My tax preparer, a 30-year IRS veteran before his retirement to private practice helping screwups like me, says I'm going to come out well in the black once all the paperwork is duly delivered, stamped and massaged at the nearest IRS office. My pulse rate went up dangerously on hearing that: good financial news is so rare for me that I worried I was hallucinating. Indeed, the problem I had initially consulted him about seemed hopeless to me. But I've seen the results of his work; my only concern now is how much of my refund he's going to get. At this point I'll be grateful if he doesn't take all of it.
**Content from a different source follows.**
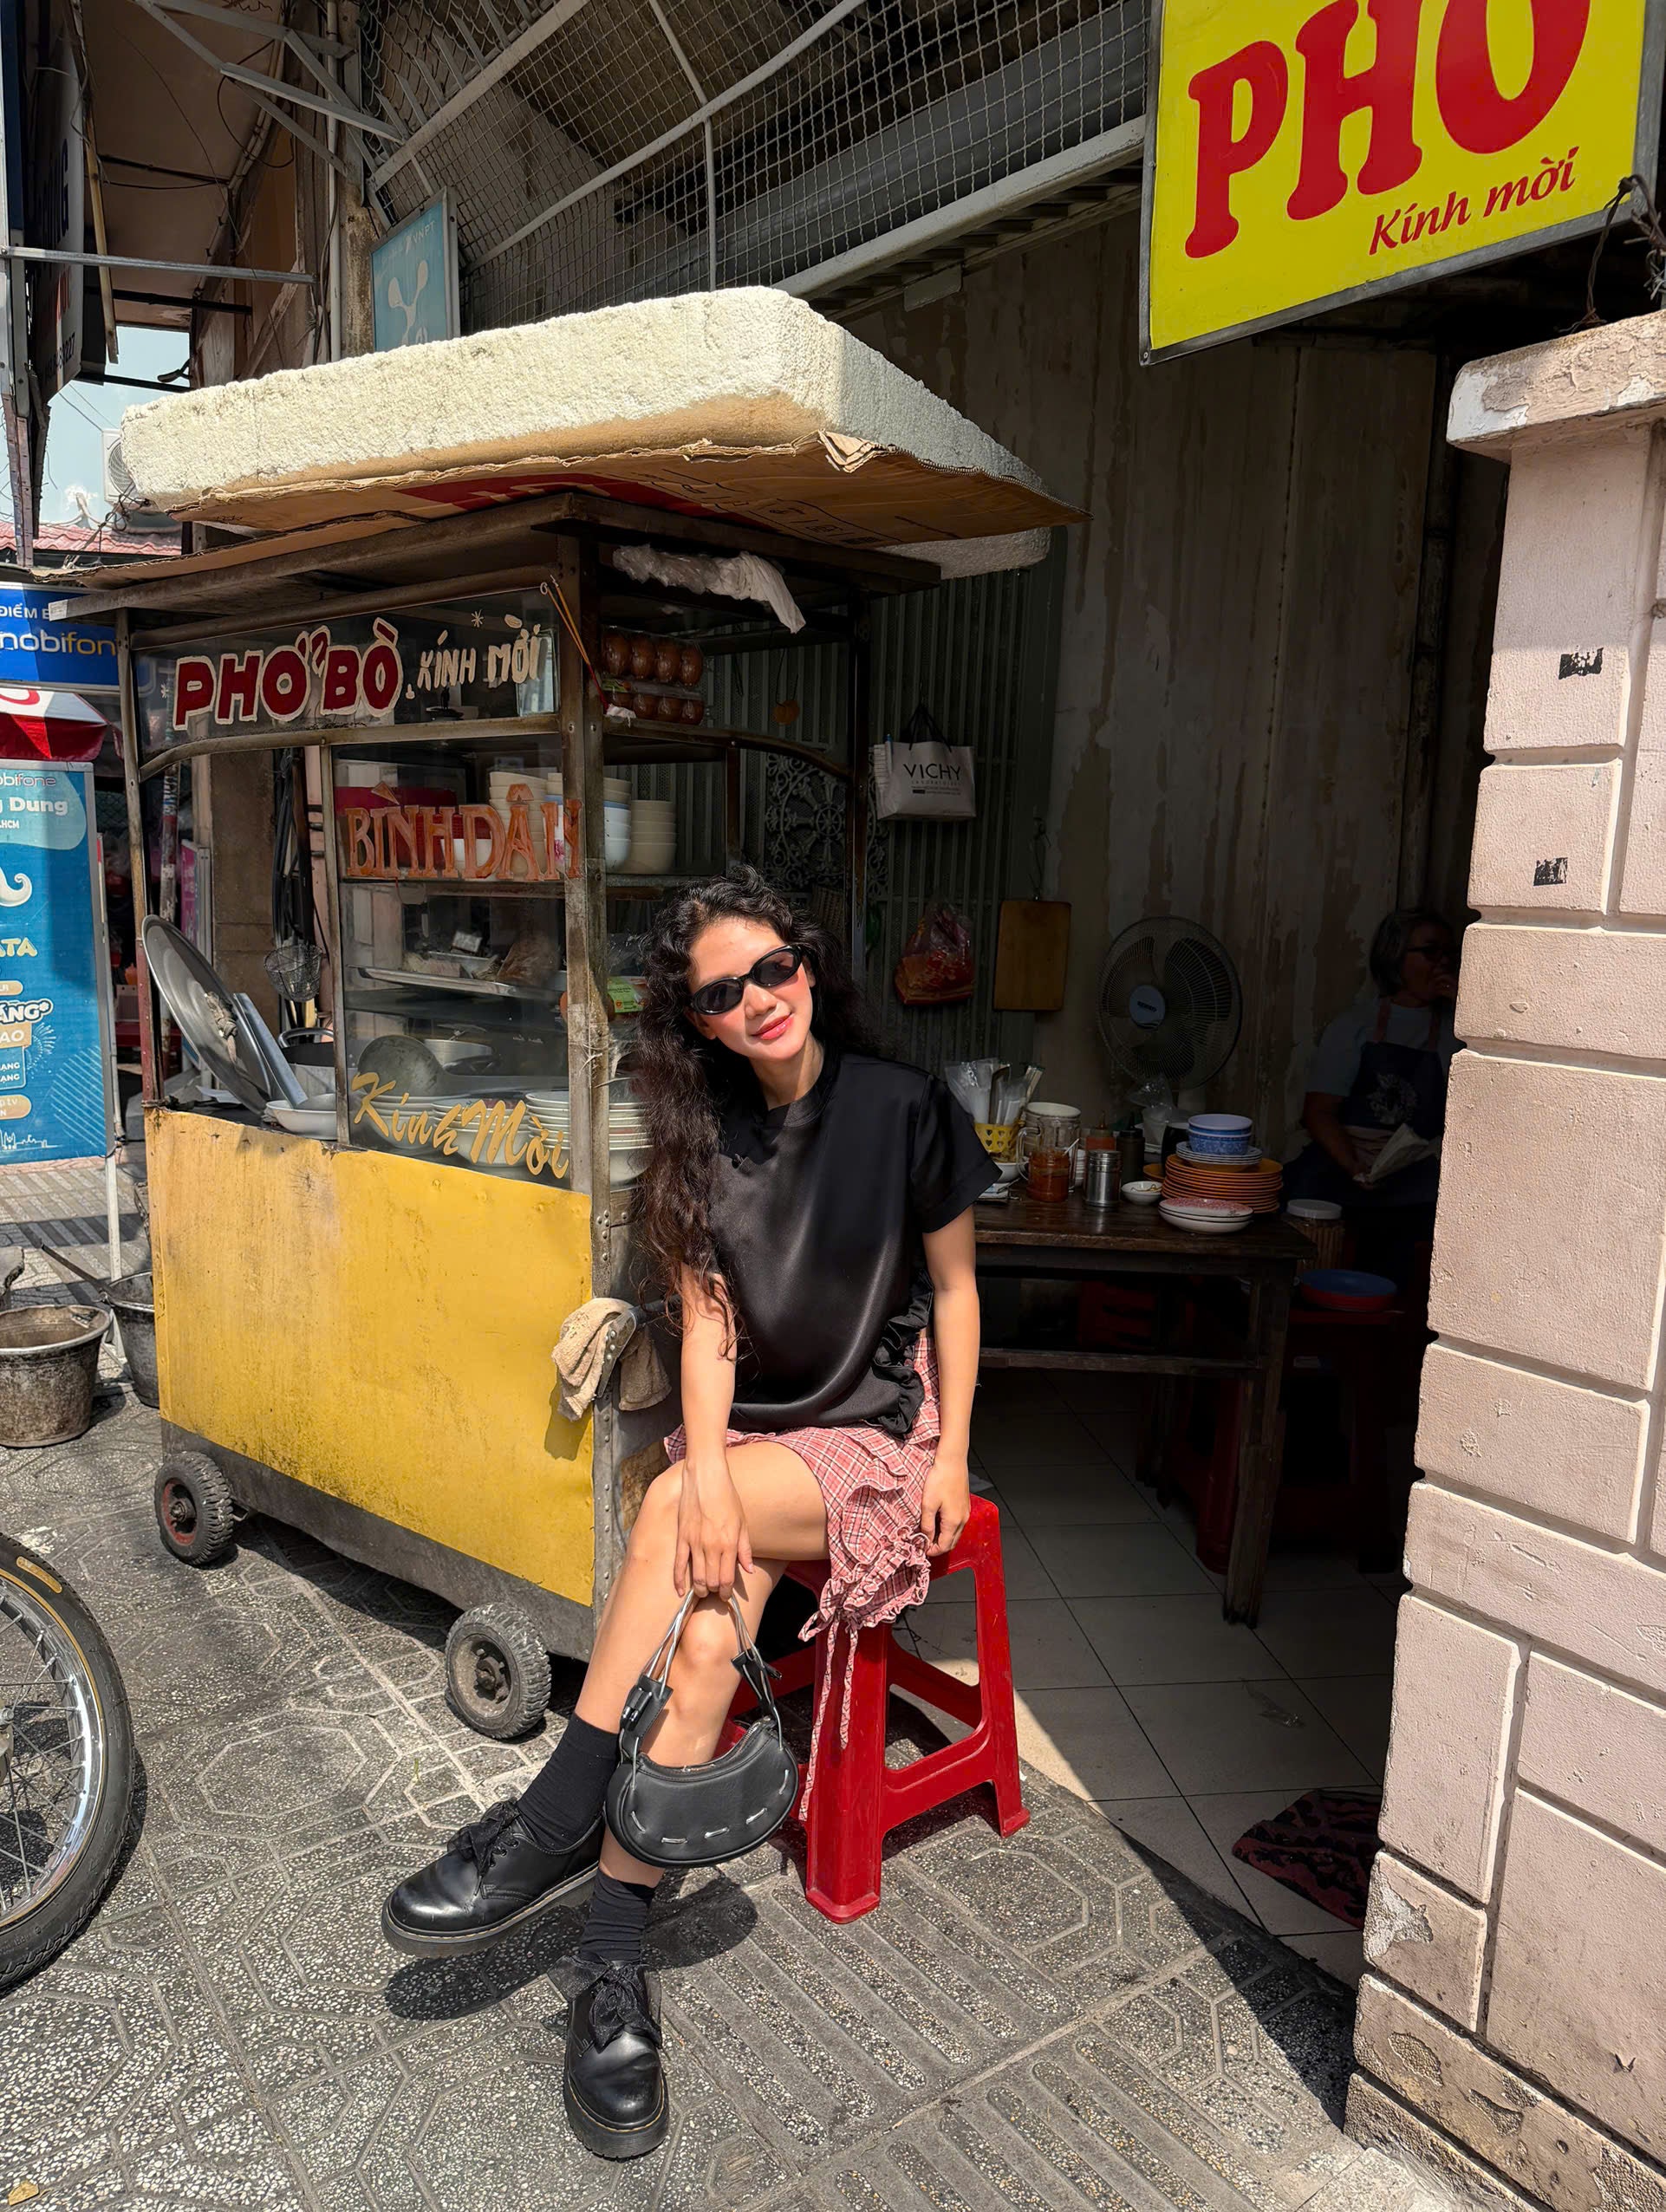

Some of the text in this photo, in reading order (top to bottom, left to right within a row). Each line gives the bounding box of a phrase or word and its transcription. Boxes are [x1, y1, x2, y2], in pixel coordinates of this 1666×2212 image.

As for my job, it's become apparent that I'm going to have choose between having it and having a life. Now that my tax issues are receding into the blissfully dark horizon, I am free to choose a life. I've applied at Belmont Abbey College to teach a few courses in the summer Adult Degree Program. The signs have been good from the start. The chair of the philosophy department greeted my vita enthusiastically and immediately sent me over to the program director, a thirtyish Italian-American woman from the Northeast. Speaking with her felt like touching base with a schoolmate from the old neighborhood. And as it turned out, the only remaining openings for summer ADP were in...philosophy and theology! She told me that most of the CVs they get are from people wanting to teach business or language courses, and that they always had trouble getting humanities people. It was only at that moment that I could finally revel in the fact that I live in a metro area where, it seems, nobody who is under 70 and not affiliated with a university cares about the things I care about. But I still need those prayers as they await an official copy of my transcript from Penn.
Assuming I can get enough enough sleep tomorrow, which I should do now that I no longer feel the hot breath of the IRS on my neck, I shall post on something intellectually substantive then. In the meantime, thanks for being part of my life, and hang in there with me.